- _TASK OBJECTIVE_
Each line from the one containing "this 2350×1568 image." onward, through the end of the entries, is to be transcribed exactly; nothing else is to be included.
##### INFORMATION PROVIDED
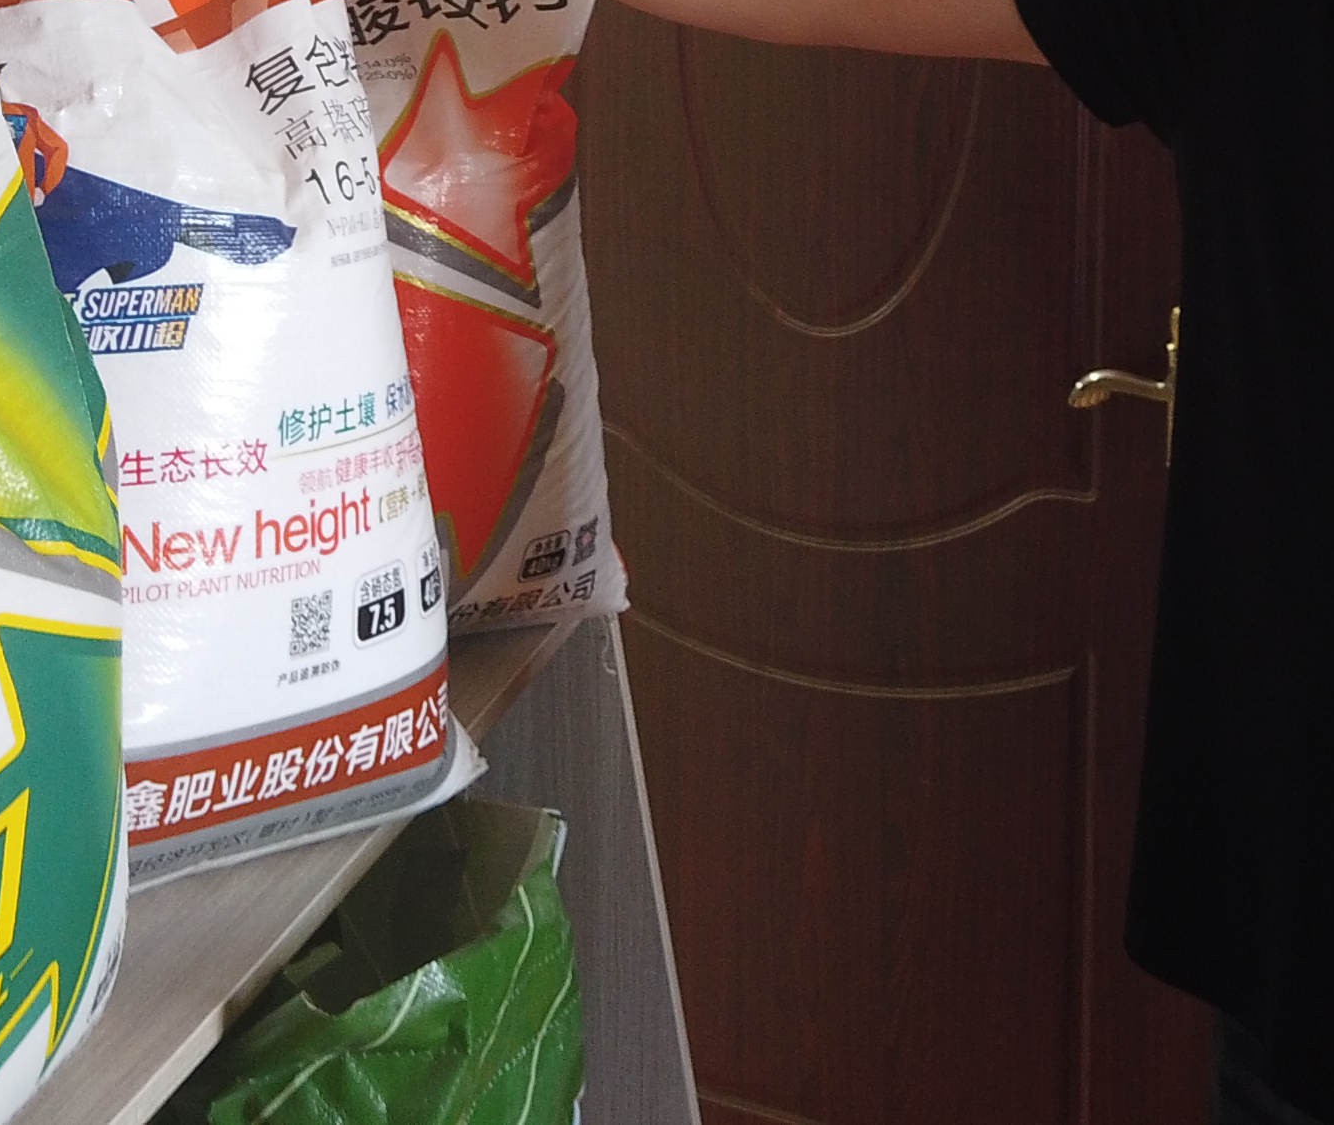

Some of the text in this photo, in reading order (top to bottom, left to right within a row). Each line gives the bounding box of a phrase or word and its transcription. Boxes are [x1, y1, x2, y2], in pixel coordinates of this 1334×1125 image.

[84, 287, 201, 318] SUPERMAN
[82, 321, 187, 352] 收小超
[278, 392, 376, 447] 修护土壤
[119, 438, 269, 488] 生态长效
[122, 486, 372, 575] New height
[237, 559, 322, 592] NUTRITION
[369, 597, 397, 635] 7.5
[125, 681, 449, 833] 鑫肥业股份有限公司
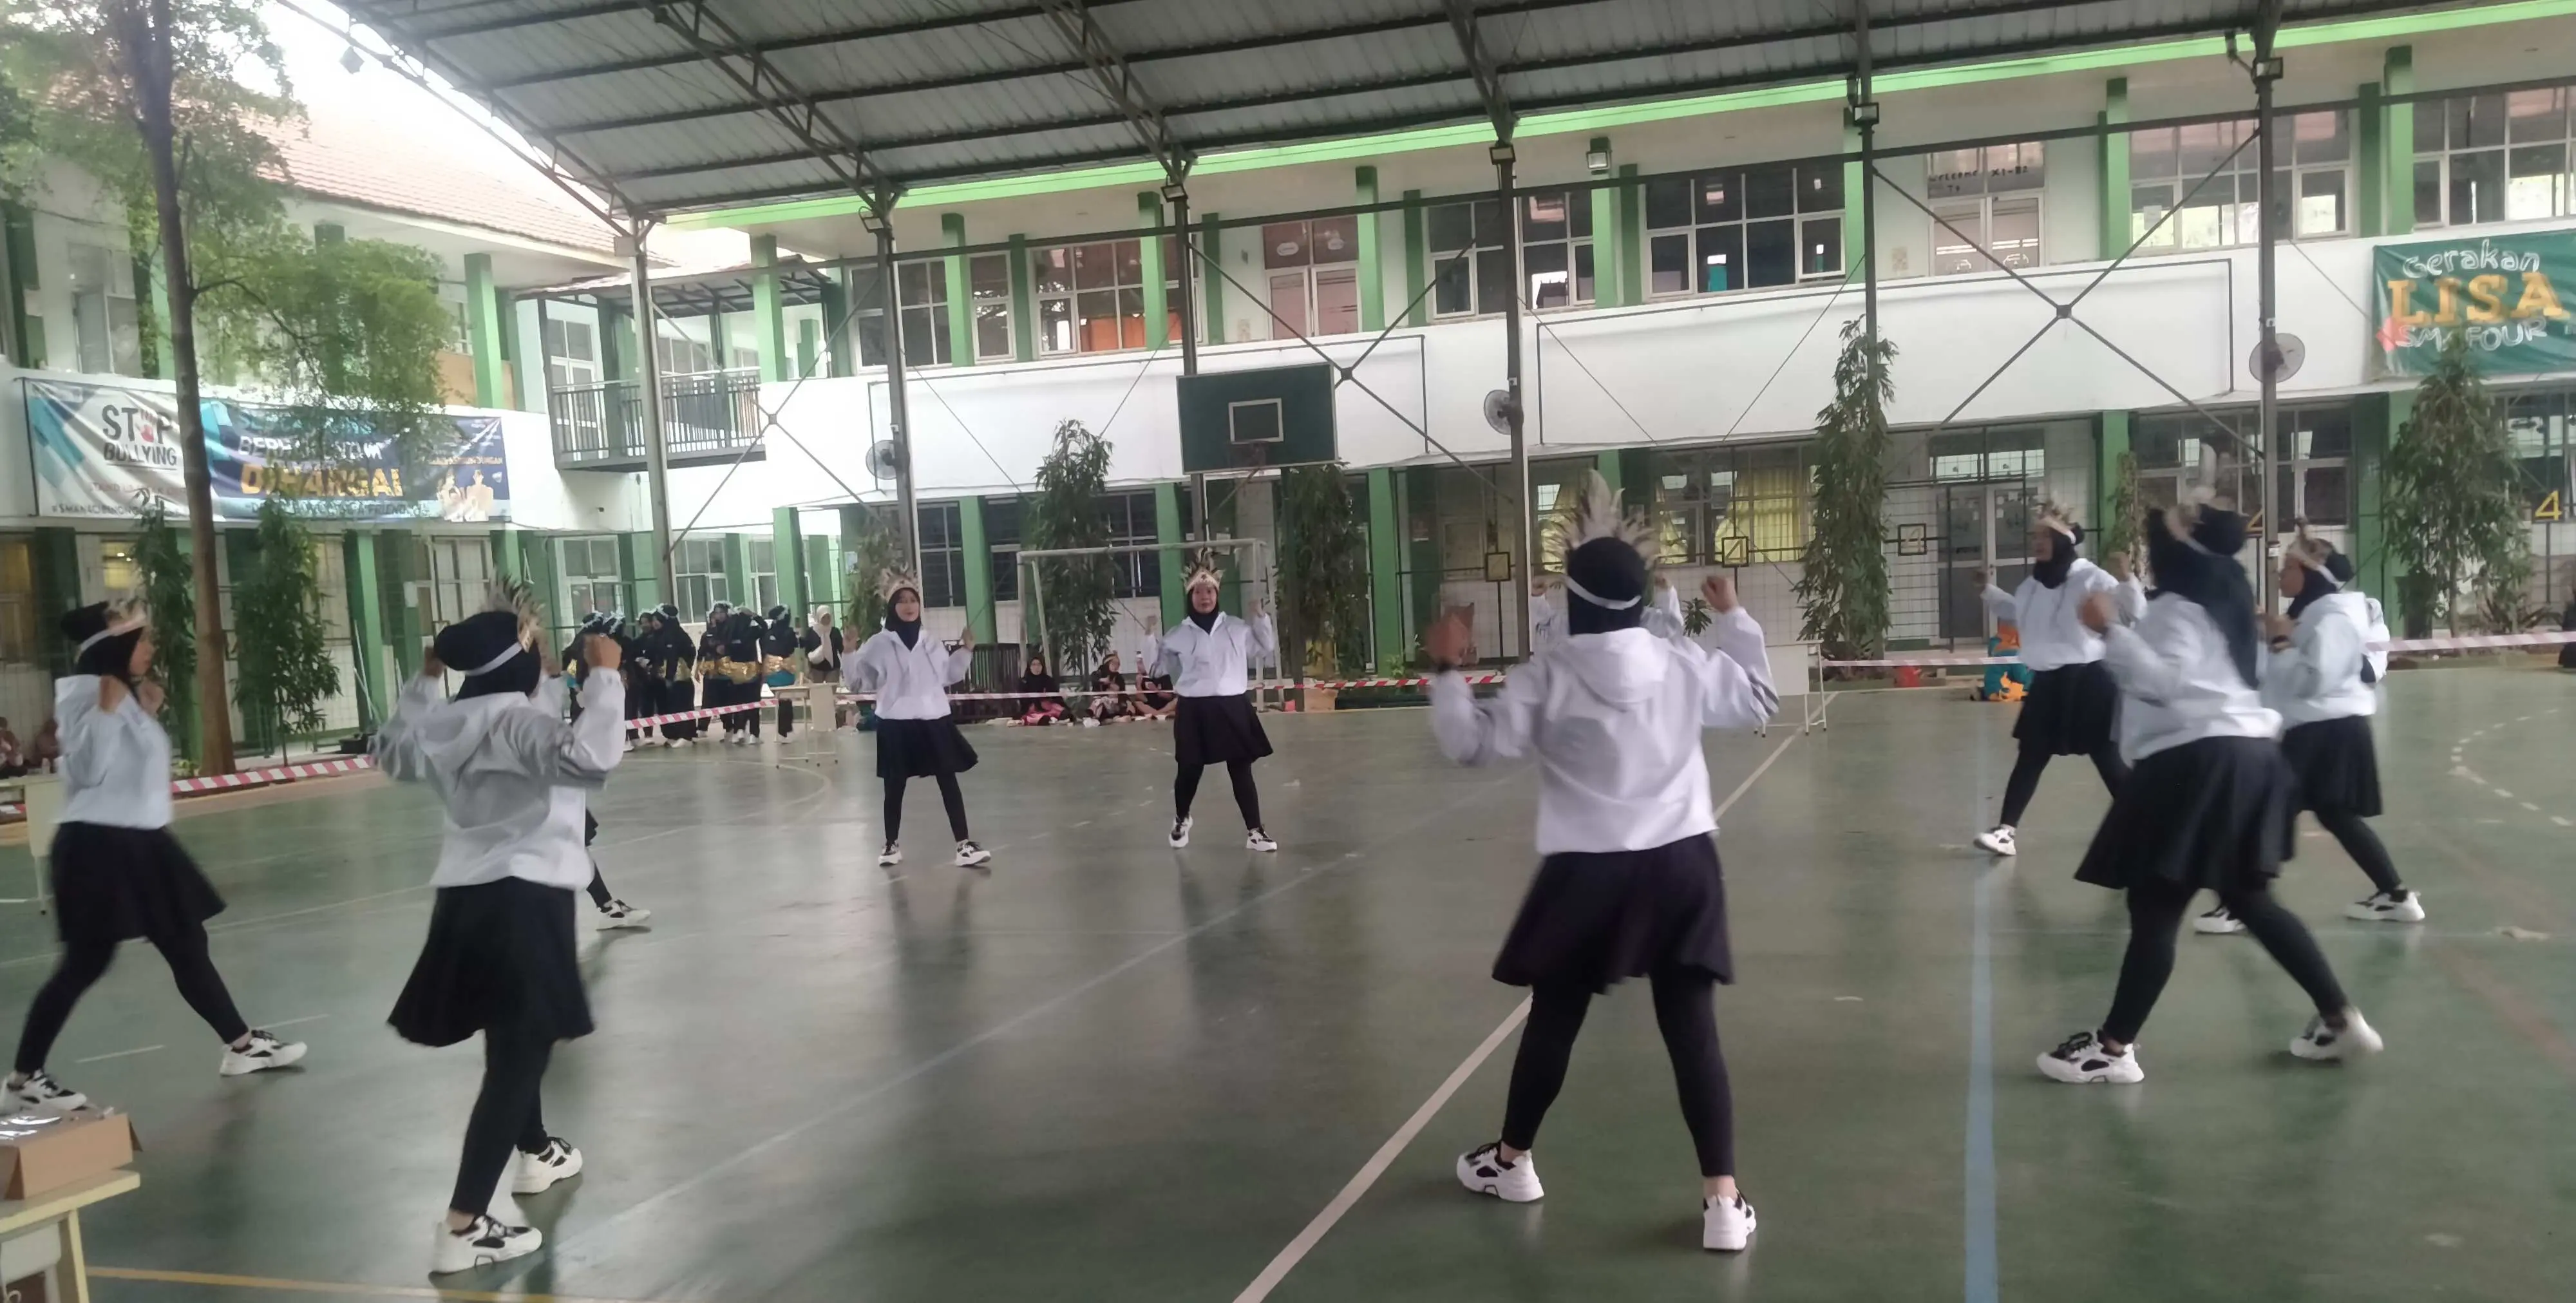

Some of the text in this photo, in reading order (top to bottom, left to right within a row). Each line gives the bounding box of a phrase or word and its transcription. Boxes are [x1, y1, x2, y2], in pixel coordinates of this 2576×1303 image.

[2403, 238, 2541, 278] Gerakan
[2387, 272, 2570, 327] LISA
[104, 442, 177, 466] BULLYING
[2535, 490, 2562, 521] 4
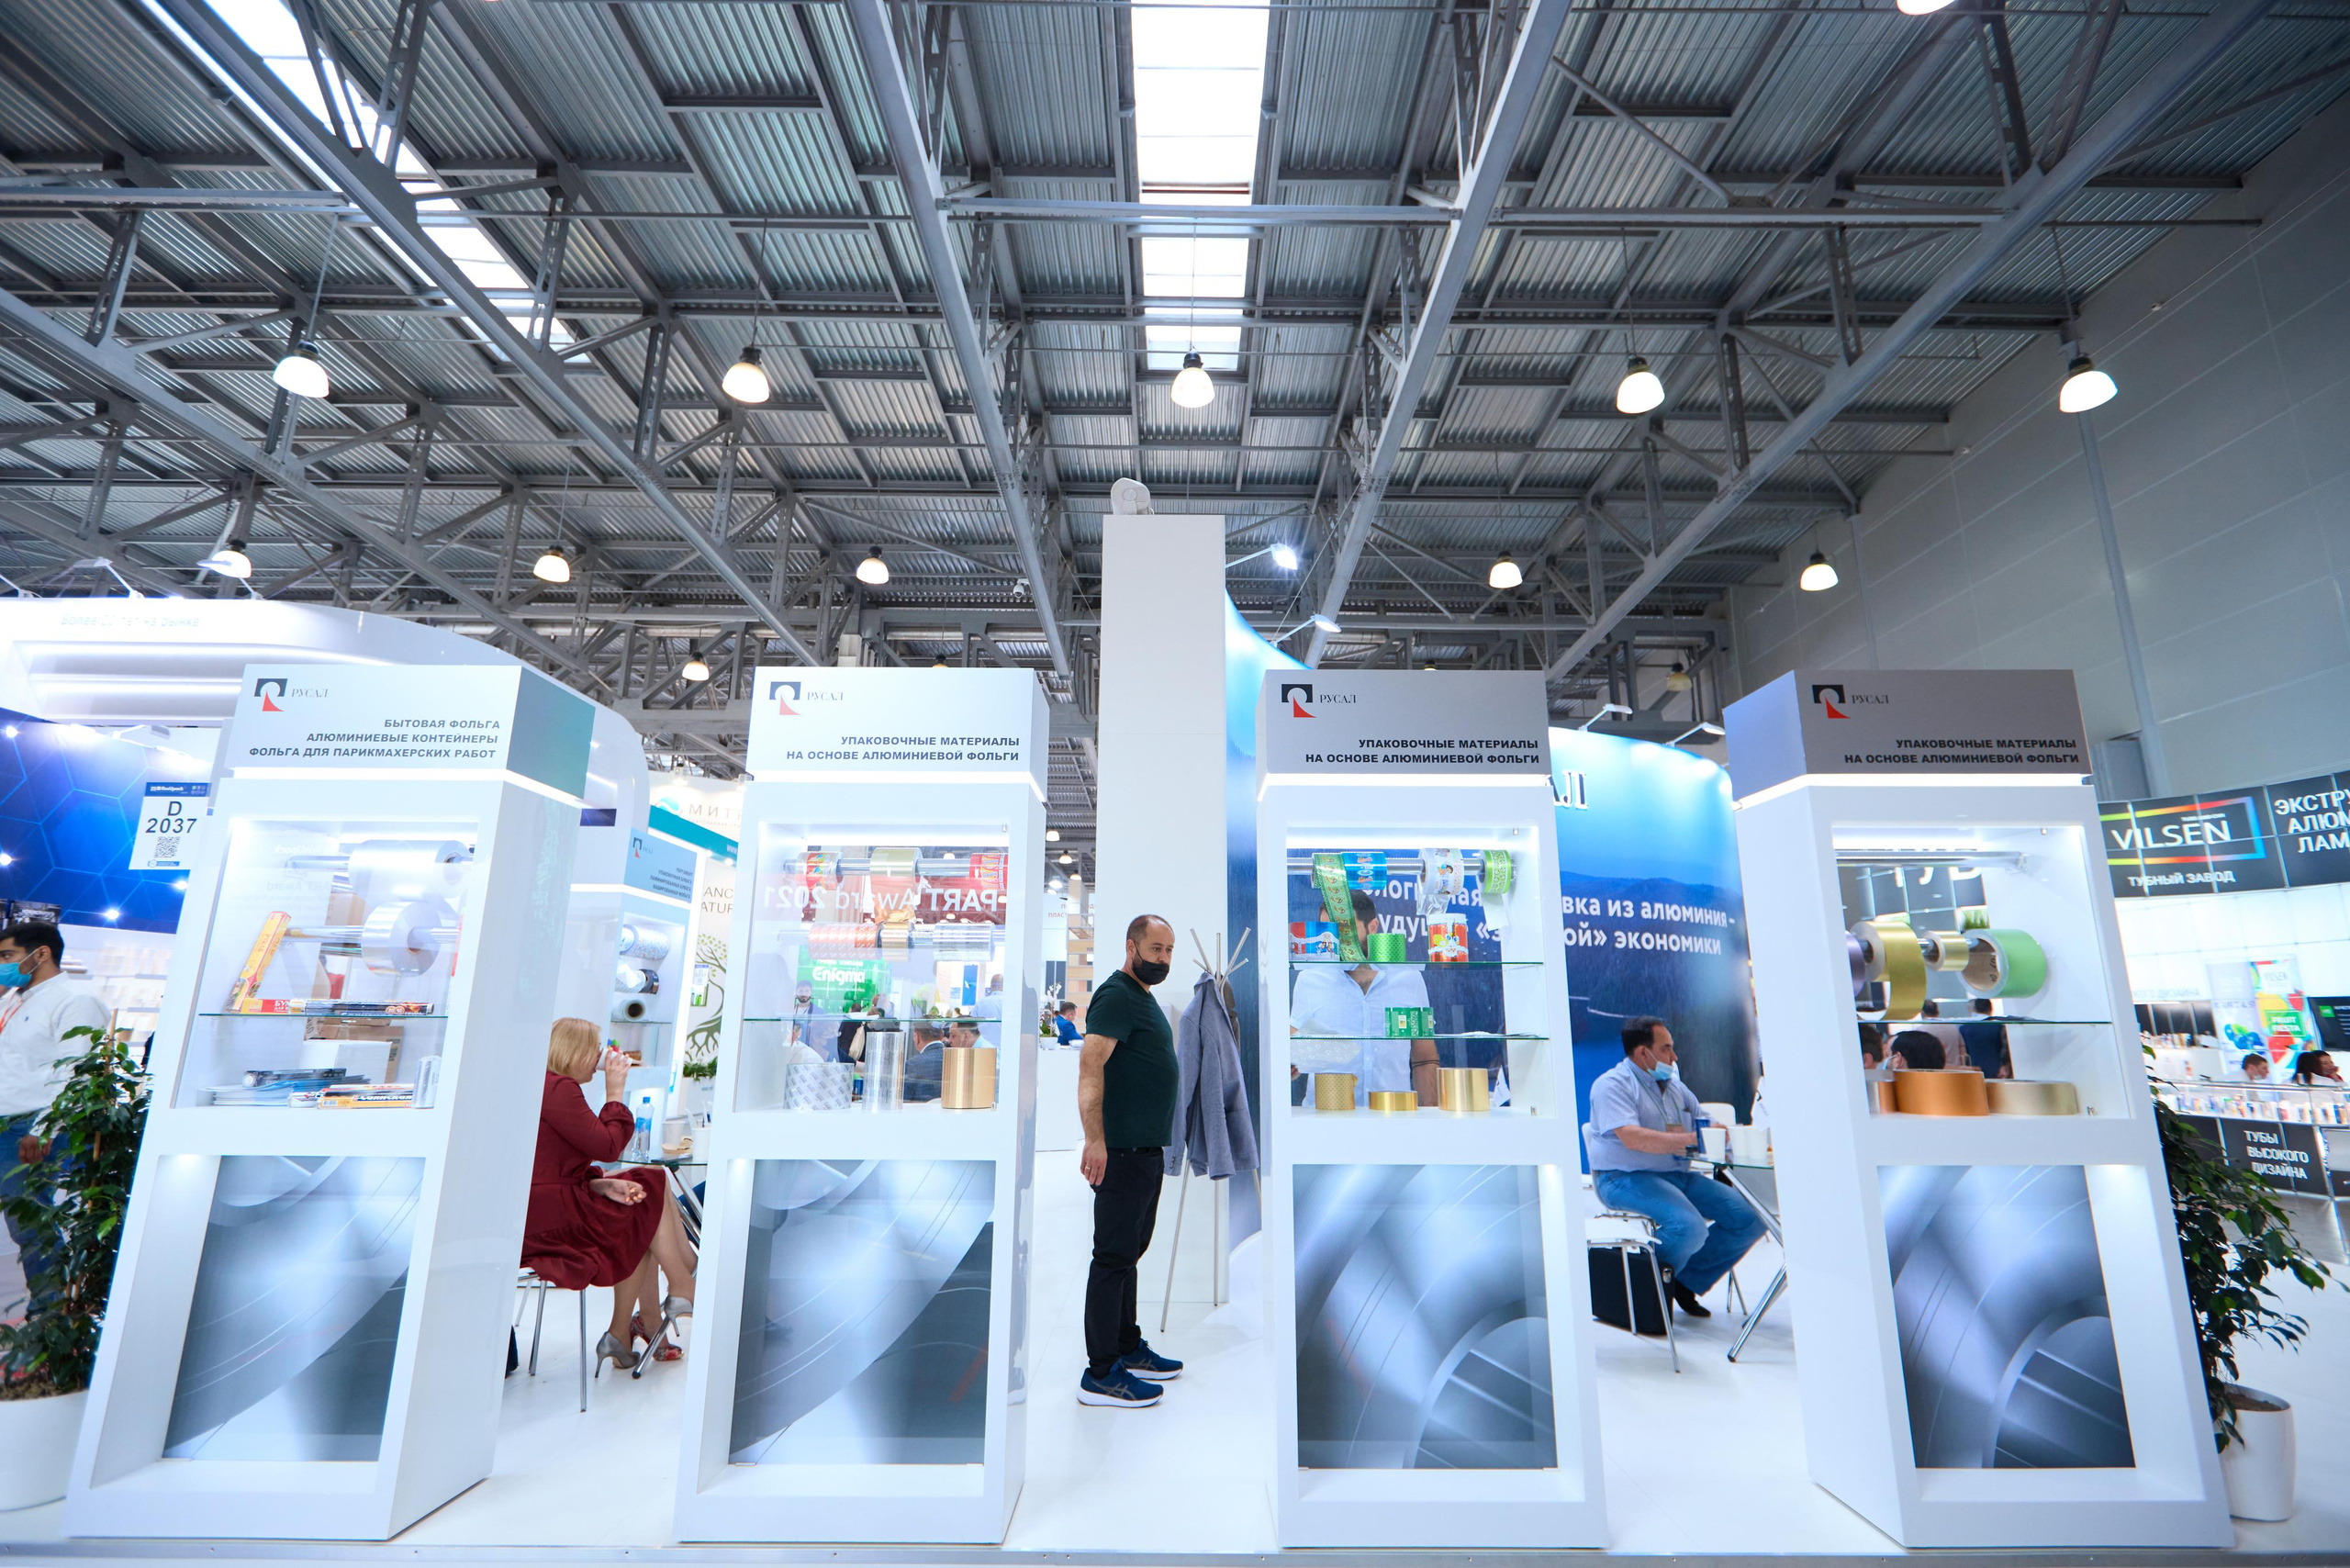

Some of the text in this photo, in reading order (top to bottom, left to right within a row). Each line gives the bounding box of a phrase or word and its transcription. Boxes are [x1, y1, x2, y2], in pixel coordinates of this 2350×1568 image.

[291, 688, 329, 699] РУСАЛ
[807, 691, 844, 702] РУСАЛ
[1319, 694, 1357, 704] РУСАЛ
[1852, 694, 1889, 704] РУСАЛ
[384, 719, 500, 730] БЫТОВАЯ ФОЛЬГА
[306, 733, 498, 745] АЛЮМИНИЕВЫЕ КОНТЕЙНЕРЫ
[841, 736, 1020, 746] УПАКОВОЧНЫЕ МАТЕРИАЛЫ
[1359, 739, 1539, 749] УПАКОВОЧНЫЕ МАТЕРИАЛЫ
[1896, 739, 2076, 748] УПАКОВОЧНЫЕ МАТЕРИАЛЫ
[249, 747, 497, 758] ФОЛЬГА ДЛЯ ПАРИКМАХЕРСКИХ РАБОТ
[786, 750, 1020, 761] НА ОСНОВЕ АЛЮМИНИЕВОЙ ФОЛЬГИ
[1304, 753, 1540, 764] НА ОСНОВЕ АЛЮМИНИЕВОЙ ФОЛЬГИ
[1844, 753, 2079, 764] НА ОСНОВЕ АЛЮМИНИЕВОЙ ФОЛЬГИ
[167, 801, 183, 816] D
[145, 818, 197, 834] 2037
[2111, 820, 2232, 850] VILSEN
[2127, 870, 2236, 887] ТУБНЫЙ ЗАВОД
[1607, 899, 1635, 918] из
[1640, 902, 1728, 927] алюминия
[1614, 930, 1722, 955] экономики
[811, 966, 866, 985] Enigma
[2244, 1130, 2279, 1145] ТУБЫ
[2246, 1146, 2310, 1164] ВЫСОКОГО
[2251, 1161, 2308, 1180] ДИЗАЙНА
##########
- _ANSWER FOR THIS EXERCISE_
Some of the text in this photo, in reading order (top to bottom, left to right within a row). Each line gives the bounding box of a phrase or word and its transcription. Boxes are [x1, y1, x2, y2], in pixel coordinates of this 2350×1568 image.

[291, 688, 329, 699] РУСАЛ
[807, 691, 844, 702] РУСАЛ
[1319, 694, 1357, 704] РУСАЛ
[1852, 694, 1889, 704] РУСАЛ
[384, 719, 500, 730] БЫТОВАЯ ФОЛЬГА
[306, 733, 498, 745] АЛЮМИНИЕВЫЕ КОНТЕЙНЕРЫ
[841, 736, 1020, 746] УПАКОВОЧНЫЕ МАТЕРИАЛЫ
[1359, 739, 1539, 749] УПАКОВОЧНЫЕ МАТЕРИАЛЫ
[1896, 739, 2076, 748] УПАКОВОЧНЫЕ МАТЕРИАЛЫ
[249, 747, 497, 758] ФОЛЬГА ДЛЯ ПАРИКМАХЕРСКИХ РАБОТ
[786, 750, 1020, 761] НА ОСНОВЕ АЛЮМИНИЕВОЙ ФОЛЬГИ
[1304, 753, 1540, 764] НА ОСНОВЕ АЛЮМИНИЕВОЙ ФОЛЬГИ
[1844, 753, 2079, 764] НА ОСНОВЕ АЛЮМИНИЕВОЙ ФОЛЬГИ
[167, 801, 183, 816] D
[145, 818, 197, 834] 2037
[2111, 820, 2232, 850] VILSEN
[2127, 870, 2236, 887] ТУБНЫЙ ЗАВОД
[1607, 899, 1635, 918] из
[1640, 902, 1728, 927] алюминия
[1614, 930, 1722, 955] экономики
[811, 966, 866, 985] Enigma
[2244, 1130, 2279, 1145] ТУБЫ
[2246, 1146, 2310, 1164] ВЫСОКОГО
[2251, 1161, 2308, 1180] ДИЗАЙНА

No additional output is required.